● Task statement: Copy all the entries below exactly, but not the pictures.

[Annotated photo localization data]
<<<<
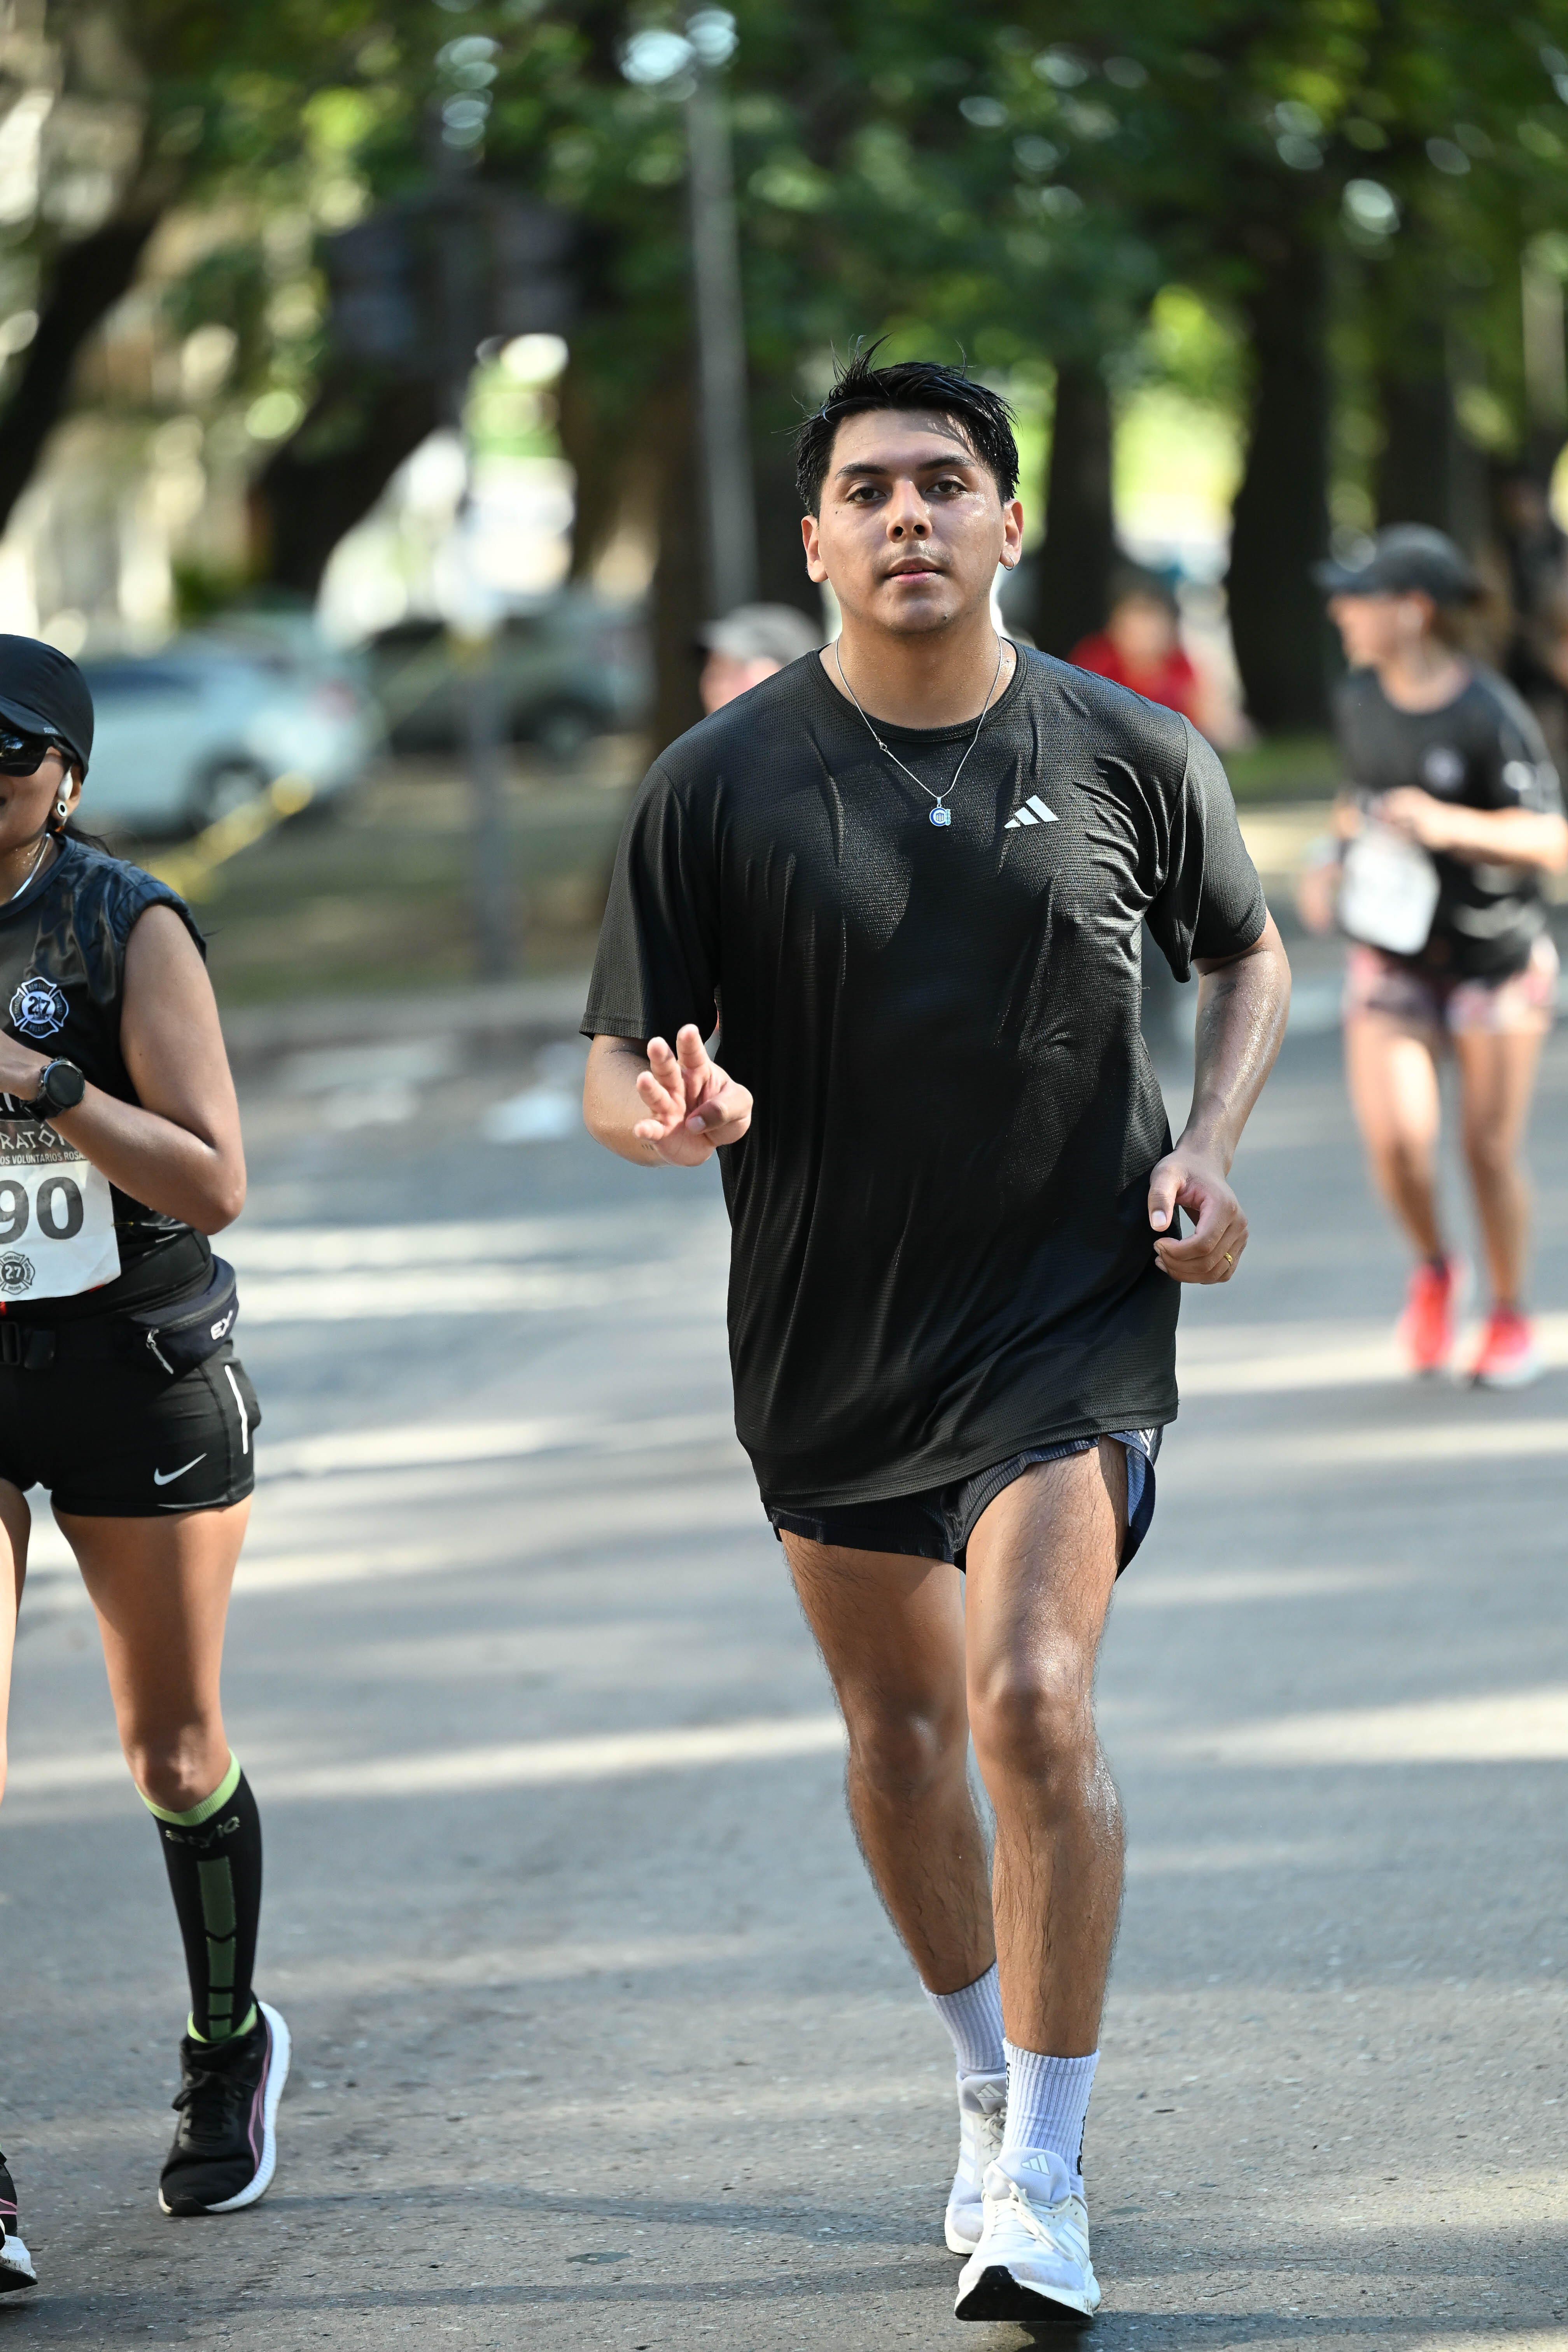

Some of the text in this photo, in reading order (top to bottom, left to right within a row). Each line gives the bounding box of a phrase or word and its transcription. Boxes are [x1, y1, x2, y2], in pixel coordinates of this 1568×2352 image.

[28, 996, 51, 1015] 27
[12, 1152, 62, 1164] VOLUNTARIOS
[63, 1150, 88, 1160] ROSA
[0, 1177, 84, 1244] 90
[5, 1264, 21, 1280] 27
>>>>
● Output of the task:
Some of the text in this photo, in reading order (top to bottom, left to right within a row). Each line gives the bounding box of a phrase or word and its transcription. Boxes are [x1, y1, x2, y2], in pixel coordinates of this 1568×2352 image.

[28, 996, 51, 1015] 27
[12, 1152, 62, 1164] VOLUNTARIOS
[63, 1150, 88, 1160] ROSA
[0, 1177, 84, 1244] 90
[5, 1264, 21, 1280] 27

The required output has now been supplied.